La abolición de la pena de muerte, en tiempo de guerra (1995), y la Convención sobre los derechos de las personas con discapacidad (2006) confirmaron la universalidad del derecho a la vida y la obligación de protegerla.

¿Se ha sido coherente y respetuoso con este compromiso? ¿Ha sido plenamente asumido por los dirigentes y las instituciones públicas?

Aparentemente la sensibilidad hacia la vida ha crecido. El Congreso aprobó la Proposición No de Ley de apoyo al Proyecto Gran Simio (25 junio 2008) que les reconoce los derechos a la vida y a la libertad. Y el pasado 16 de marzo suscribió el Convenio europeo sobre protección de animales de compañía (1987), sin la reserva sobre el corte de la cola de cachorros. La preocupación por las condiciones de la vida se expande. Verbigracia, Reglamento (CE) nº 1/2005 relativo a la protección de los animales durante el transporte y las operaciones conexas, y la Directiva 2003/15/CE que introdujo disposiciones relativas a los ensayos con animales en la Directiva 76/768/CEE sobre cosméticos. Con ello se generaliza la prohibición de experimentación con animales en la Unión para los productos e ingredientes cosméticos, y su comercialización, cuando se amparen tales prácticas (efectiva, 11 marzo 2013). Asimismo, las Comunidades Autónomas han restringido los espectáculos taurinos o la exhibición de animales, vgr., la Ley 28/2010, de Cataluña que prohíbe “los espectáculos taurinos de cualquier modalidad que tengan lugar dentro o fuera de las plazas de toros…” (anulado, por STC 177/2016).
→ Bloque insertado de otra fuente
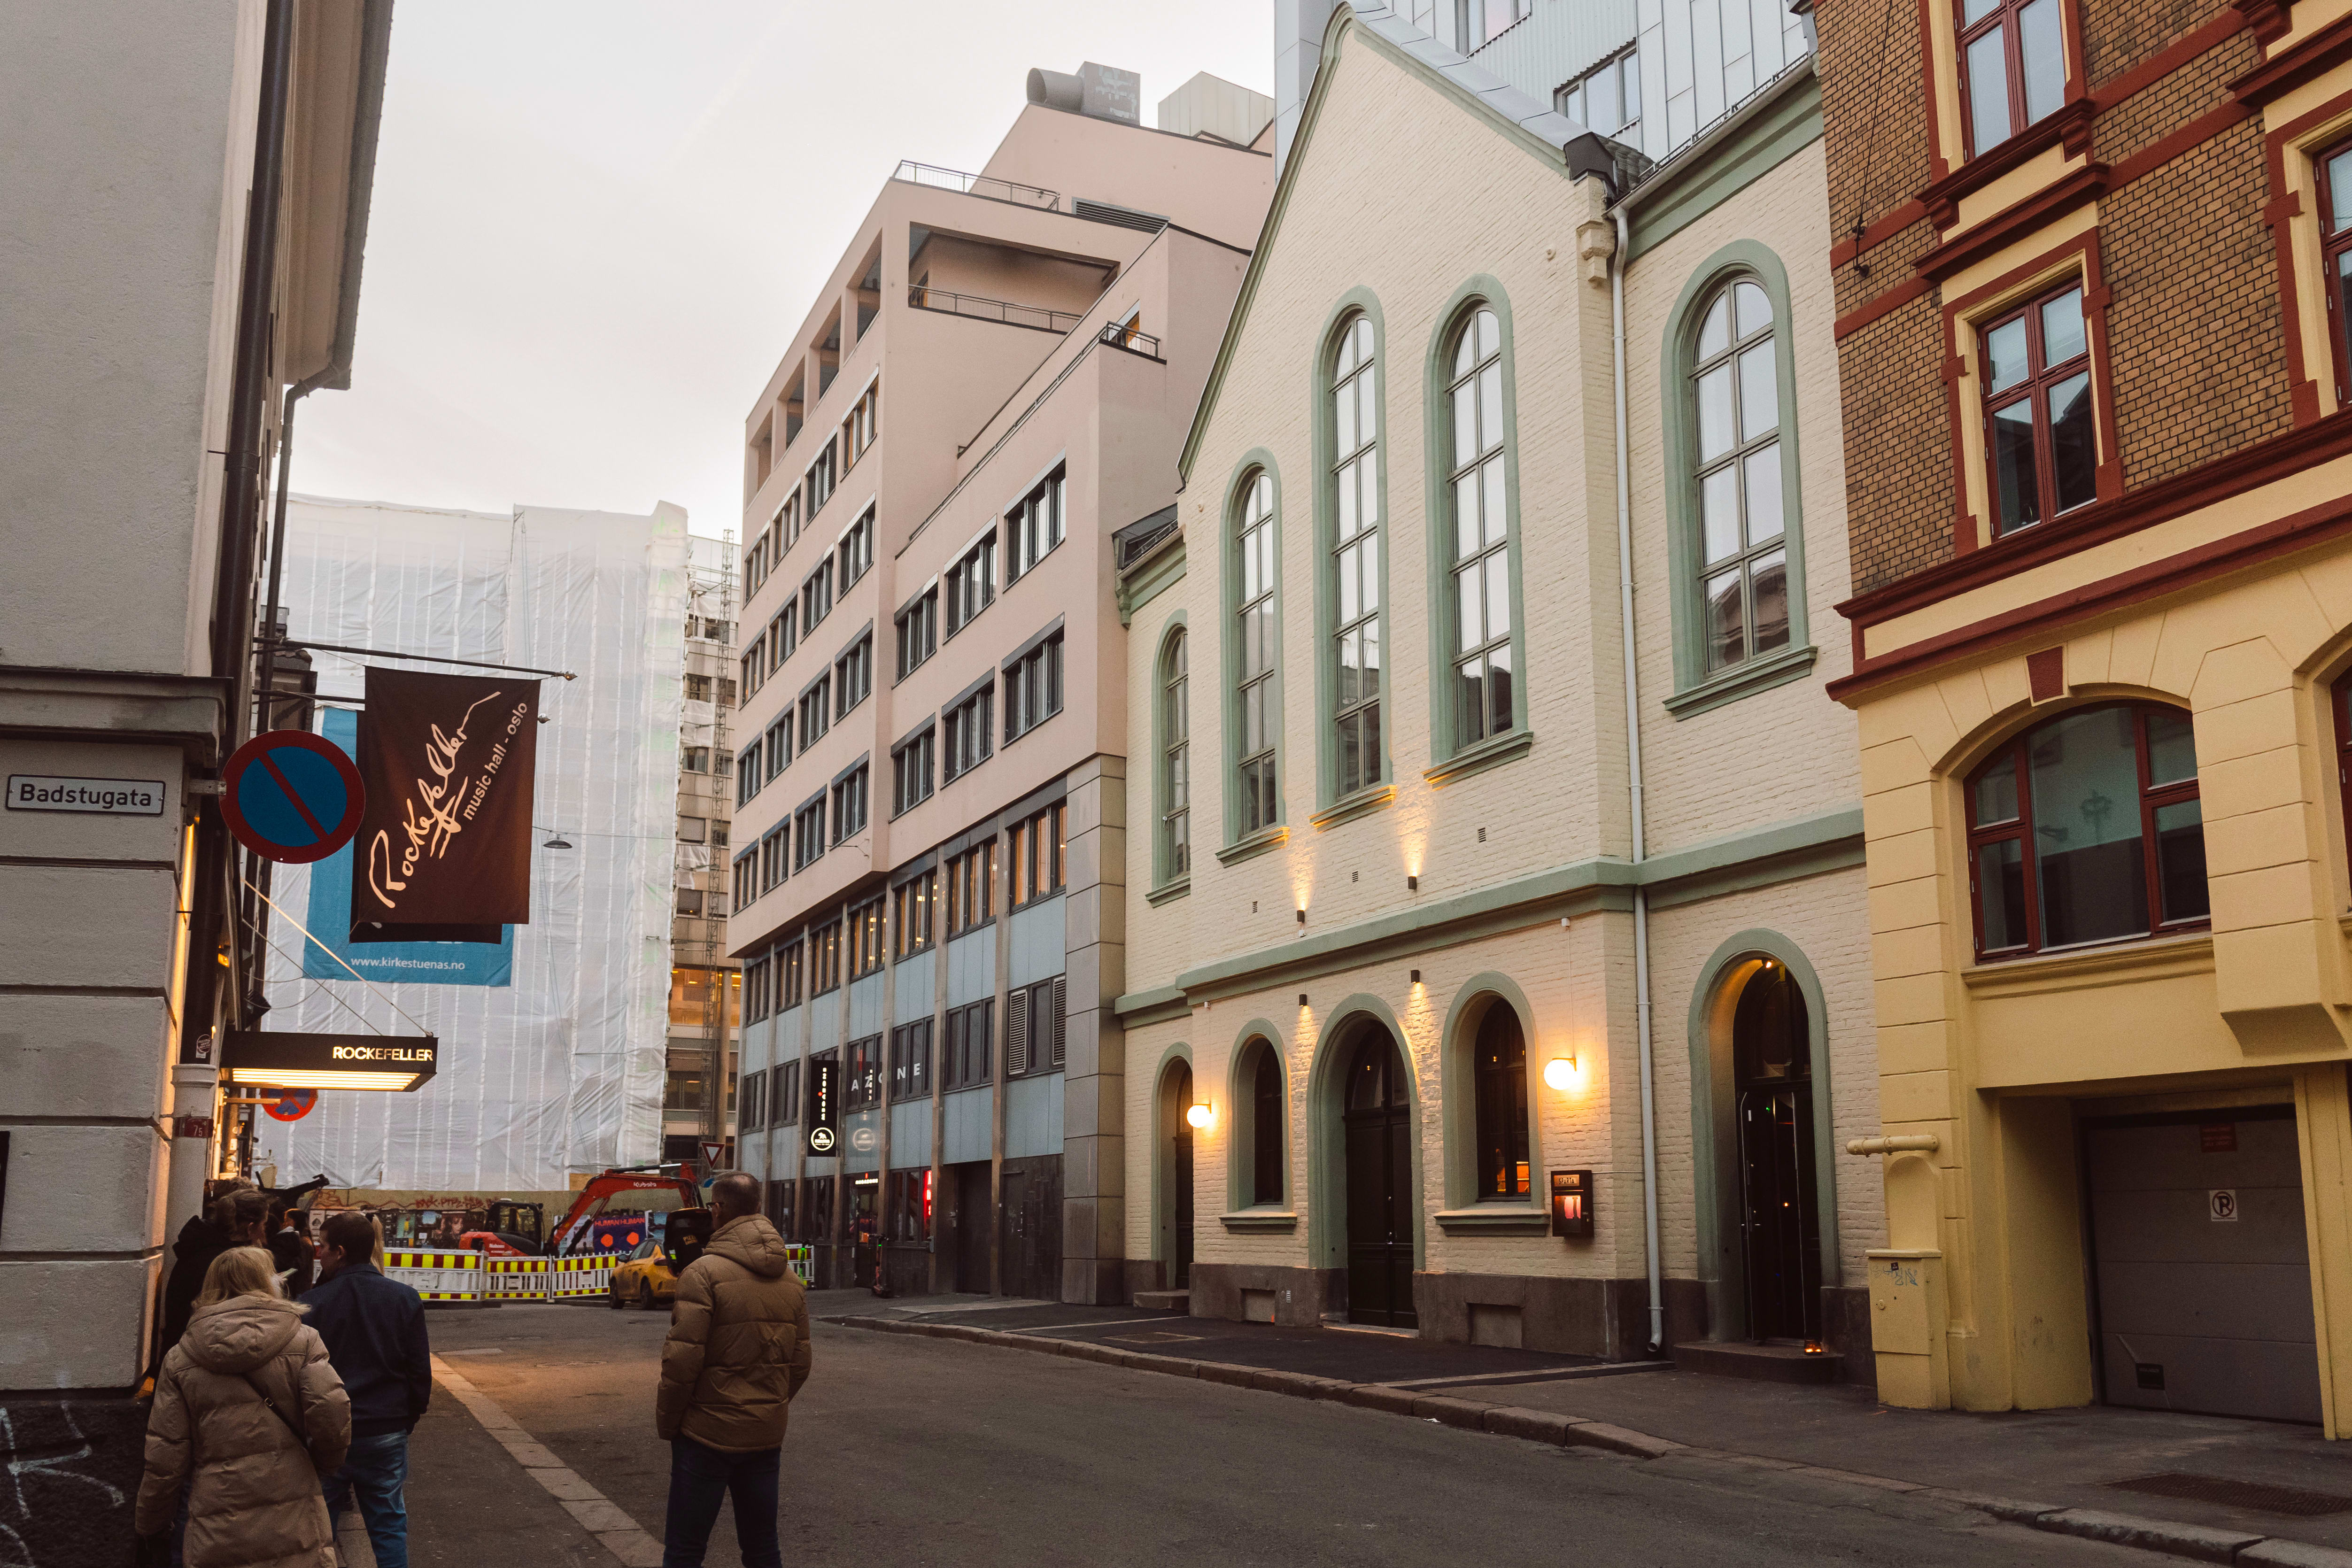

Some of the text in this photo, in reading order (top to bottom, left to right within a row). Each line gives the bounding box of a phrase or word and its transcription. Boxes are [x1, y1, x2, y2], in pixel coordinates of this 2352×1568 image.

[463, 774, 491, 820] music
[484, 746, 507, 774] hall
[507, 703, 528, 735] oslo
[20, 783, 152, 810] Badstugata
[369, 692, 501, 908] Rockefeller
[351, 957, 465, 970] www.kirkestuenas.no
[333, 1046, 433, 1061] ROCKEFELLER
¿Son esto avances en la concienciación hacia el valor de la vida y su prioridad absoluta?

Hay que dudarlo. Aunque el Pleno del Congreso rechazó la Proposición de Ley Orgánica sobre la eutanasia (Sesión, 21 marzo 2017), presentada por el Grupo de Unidos Podemos. La amenaza, contra la vida, está ahí. Otro dato. Carmelo Jordá denuncia que “las personas con síndrome de Down no reciben ni besos ni flores ni abrazos por las calles […], ya que son abortadas antes de nacer” (“Día Mundial de la Hipocresía con el Síndrome de Down”, LD, 21 marzo 2017).

Si la cultura de verdad está al servicio de la vida y de la dignidad humana (la prioridad), hay que concluir que hoy la cultura se está perdiendo y, como no podía ser de otro modo, retornamos a la caverna, a la barbarie.

Publicado en la “La Tribuna de Albacete” el 1 de abril de 2017.